Figure 2a shows the zero-field background-subtracted energy scan at the magnetic zone centre q = (0.5, −0.5,1.5) and T = 50 mK. The spectral lineshape was modelled by superposition of two double-Lorentzian damped harmonic-oscillator (DHO) models convolved with the instrumental resolution function32,33. The best fit yields the gap energies of TMs (Sz = ±1) and the LM (Sz = 0) as ΔTM = 0.34(3) meV and ΔLM = 0.48(3) meV, respectively. At μ0H = 1 T in Fig. 2b, TMs (Sz = ±1) are split into two branches. The observed quasielastic neutron scattering hinders observation of TM (Sz = 1) at μ0H = 1.5 T in Fig. 2c. At μ0H = 2 T in Fig. 2d, TM (Sz = 1) is merged into the elastic line while the LM becomes clearly visible and well distinguished from TM (Sz = −1).Figure 2e summarizes the measured field dependences of ΔTMs(Sz = ±1) and ΔLM (Sz = 0). ΔTMs (Sz = ±1) as a function of field agree well with the Zeeman spectral splitting ±gμBμ0H using g = 2.15 and the LM is indeed field-independent within the experimental uncertainties. The small discrepancy between data and calculations at 2 T is due to the occurrence of a spin-flop transition (Supplementary Fig. 3). The analysis also indicates that the peak profile of the Higgs amplitude mode in each field is limited by the instrumental resolution within experimental uncertainty, as shown in Fig. 2f. In other words, decay of the LM/Higgs amplitude mode (Sz = 0) into a TM (Sz = 1) and another TM (Sz = −1) is forbidden by the kinematic conditions. However, because of the limited access of the reciprocal space using a horizontal-field cryomagnet, we could not map out the excitation spectra in the Brillouin zone (BZ).

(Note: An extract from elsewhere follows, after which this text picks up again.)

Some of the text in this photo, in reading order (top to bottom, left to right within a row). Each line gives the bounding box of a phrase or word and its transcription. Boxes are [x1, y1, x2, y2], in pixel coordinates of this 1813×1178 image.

Another straightforward way to unambiguously determine the nature of spin polarization of magnetic excitation spectra is by the polarized neutron-scattering method. In general, however, it is fairly challenging to carry out the polarized INS because of significant loss of neutron intensity due to neutron polarization arrangements compared with unpolarized neutron arrangements. To compensate for that, the polarized neutron data were collected using a high-flux cold neutron spectrometer. The polarization analysis was performed using the recently developed capability of wide-angle 3He spin filters34. Figure 3a shows the θ-scans of the nuclear Bragg reflection (0,1, −1) at T = 1.4 K with the non-spin-flip (NSF) and spin-flip (SF) configurations, respectively. The flipping ratio F can be calculated as INSF/ISF ≃ 43(1), which corresponds to an overall polarization efficiency of (F −1)/(F + 1) = 0.95. Furthermore, Fig. 3b shows the background-subtracted θ-scans of the magnetic Bragg reflection (0.5,0.5, −0.5) at T = 1.4 K with the NSF and SF configurations, respectively. The scattering intensity in the NSF channel dominates over that in the SF channel, suggesting that the out-of-plane spin component is dominant, and thus confirming the determined orientation of the staggered moments.

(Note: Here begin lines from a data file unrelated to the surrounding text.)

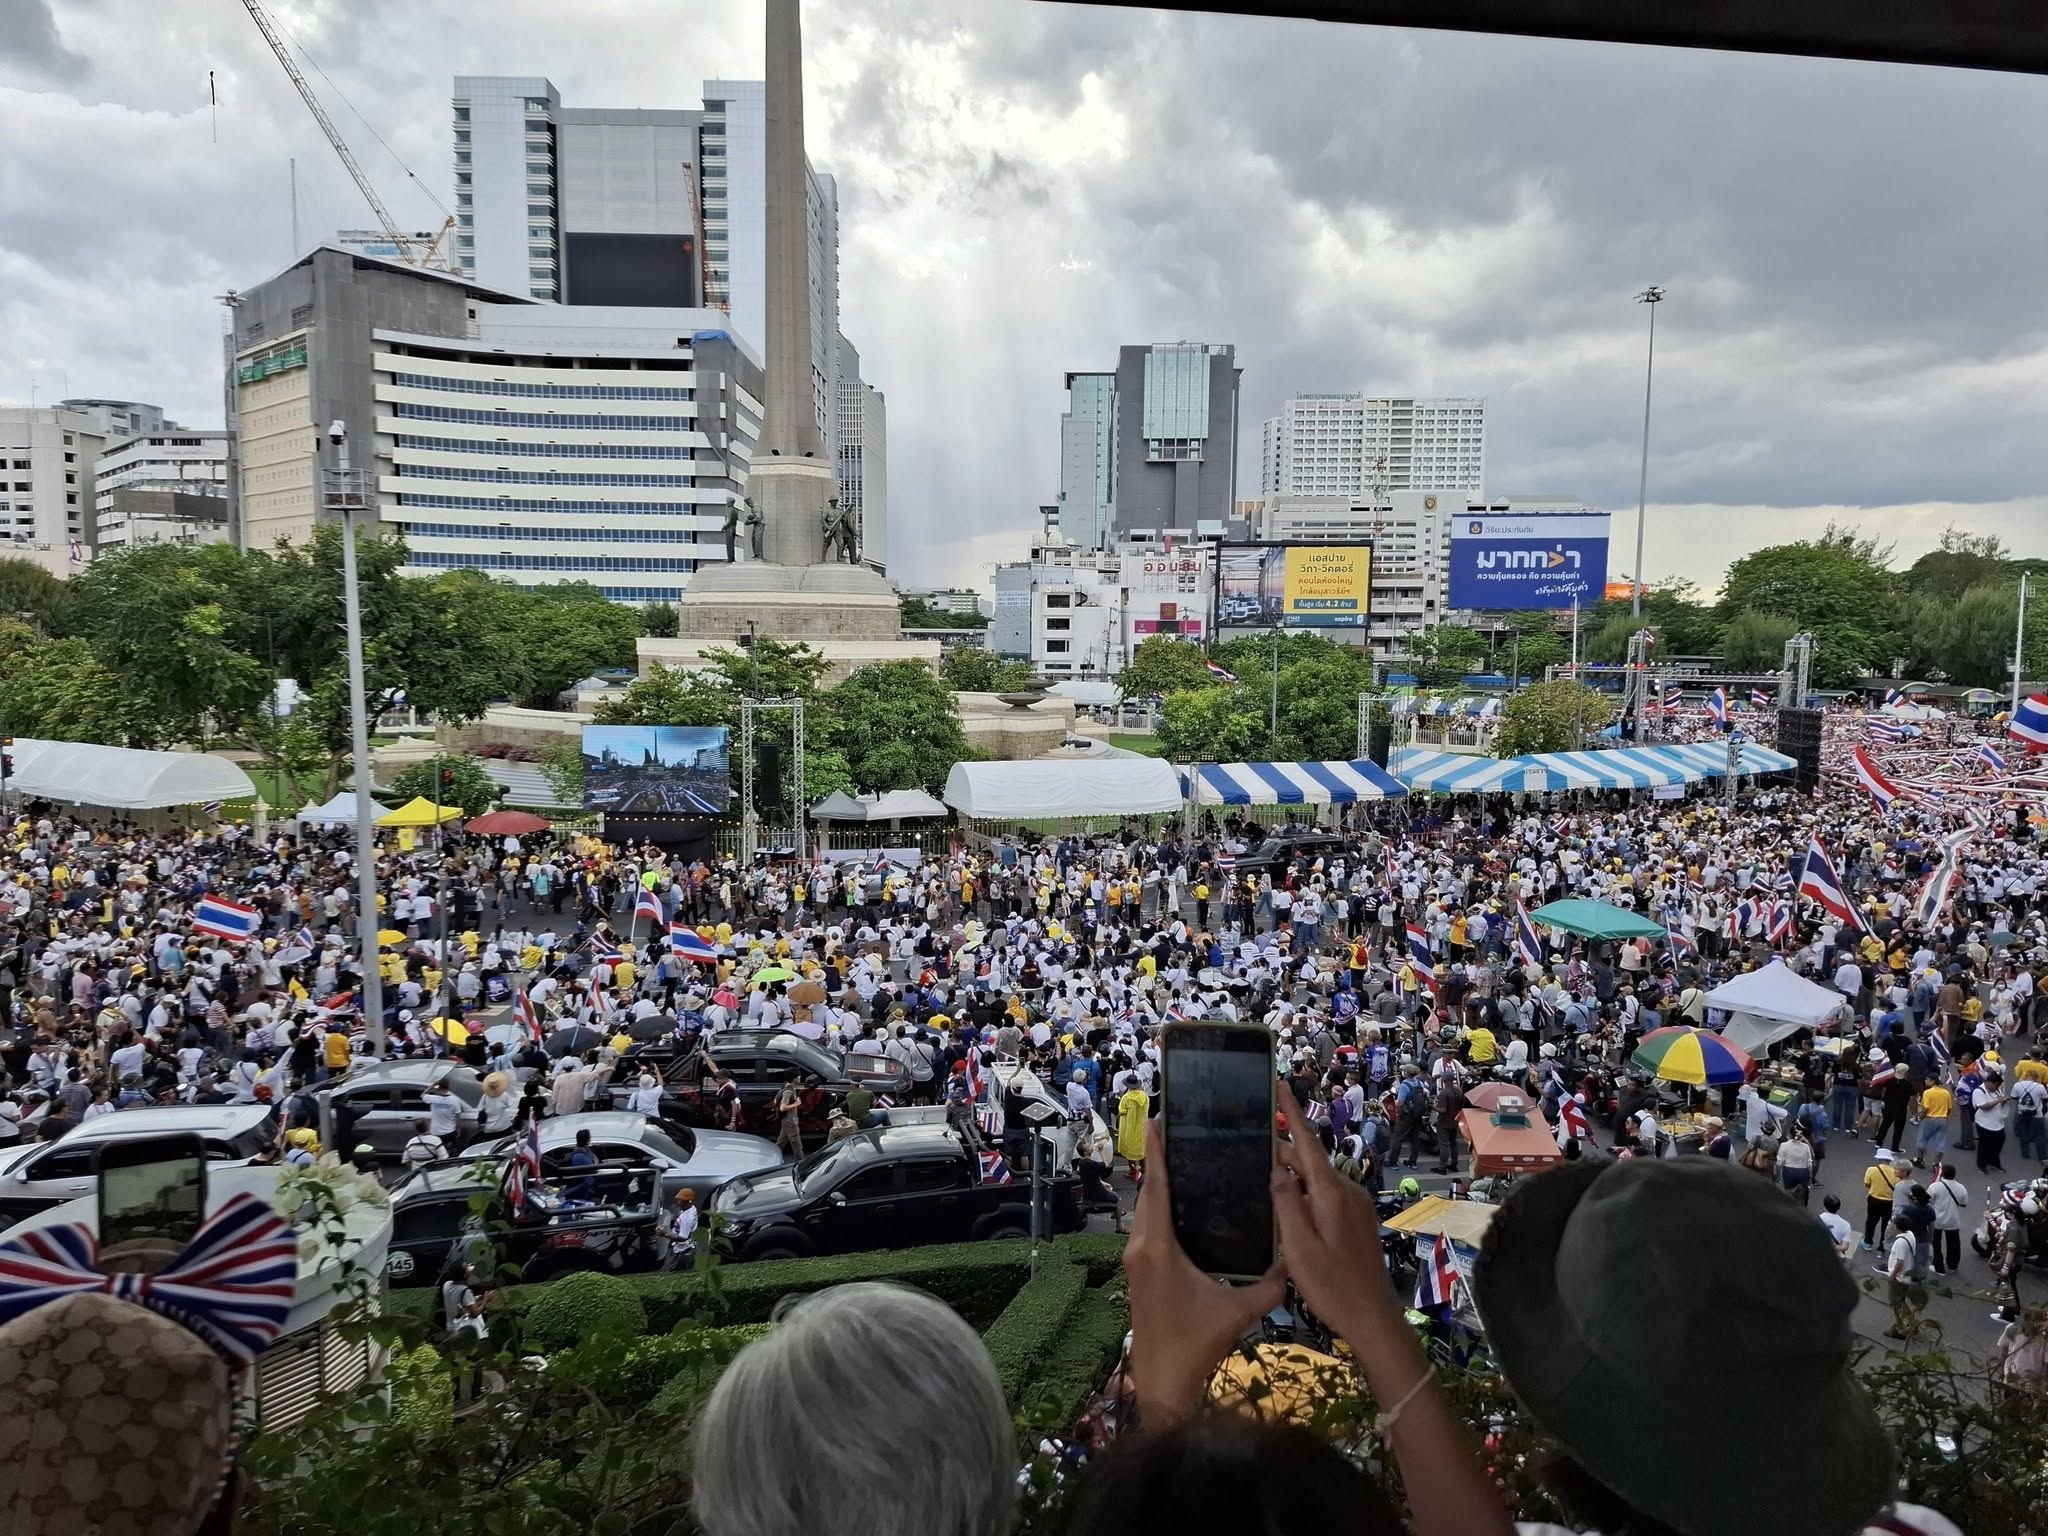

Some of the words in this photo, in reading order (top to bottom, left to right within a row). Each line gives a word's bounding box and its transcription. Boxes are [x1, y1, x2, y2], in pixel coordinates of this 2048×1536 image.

[1309, 553, 1346, 562] แอสปาย
[1477, 571, 1527, 581] ความคุ้มครอง
[1528, 571, 1539, 580] คือ
[1541, 570, 1580, 581] ความคุ้มค่า
[1298, 576, 1353, 585] คอนโดห้องใหญ่

With the high efficiency of neutron spin filters firmly established and the magnetic spin structure in DLCB well determined, we proceed to investigate the spin dynamics using polarized neutrons. The experiment was designed in such a way that TMs and the LM can be separated from each other in the SF and NSF configurations, respectively (for further details, see Methods). For the comparison purposes, Fig. 3c shows the background-subtracted energy scan at q = (0.5,0.5, −0.5) and T = 1.4 K using unpolarized neutrons. Figure 3d, e shows the same energy scans with the SF and NSF configurations, respectively. And data were fitted to the same DHO model convolved with the instrumental resolution function. The spin gap energies of TMs and the LM/Higgs amplitude mode were obtained as ΔTMs = 0.33(3) meV and ΔLM = 0.48(3) meV, in excellent agreement with the results from the Zeeman effect. The spectral weight ratio between them is approximately 2.6:1.

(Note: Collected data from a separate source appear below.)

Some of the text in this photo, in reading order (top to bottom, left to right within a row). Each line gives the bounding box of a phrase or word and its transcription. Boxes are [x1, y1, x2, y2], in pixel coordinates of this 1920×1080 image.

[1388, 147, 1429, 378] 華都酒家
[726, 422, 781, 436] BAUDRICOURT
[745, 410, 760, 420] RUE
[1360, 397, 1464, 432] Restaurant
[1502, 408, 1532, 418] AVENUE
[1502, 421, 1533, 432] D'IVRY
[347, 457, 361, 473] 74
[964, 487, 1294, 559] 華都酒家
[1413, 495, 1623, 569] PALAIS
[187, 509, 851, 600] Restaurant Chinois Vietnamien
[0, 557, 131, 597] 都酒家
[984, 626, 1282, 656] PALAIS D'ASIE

After confirming the feasibility of such a challenging experiment, we managed to map out the excitation spectra in the BZ. Serving as a reference, Fig. 4a, b shows the false-colour maps of the spin-wave spectra along two high-symmetry directions in the reciprocal-lattice space using unpolarized neutrons. With the SF configuration, as expected, the magnetic excitation spectra in Fig. 4c, d are in excellent agreement with the calculations using SPINW35 in the linear spin-wave theory (LSWT) approximation, and thus was confirmed as TMs. The Hamiltonian parameters of Jleg = 0.64 meV, Jrung = 0.70 meV, Jint = 0.19 meV, and λ = 0.95 provide the best agreement with experimental data. The modelled dispersion curves in Fig. 4c, d are close to the quantitative calculations using the high-order series expansions30.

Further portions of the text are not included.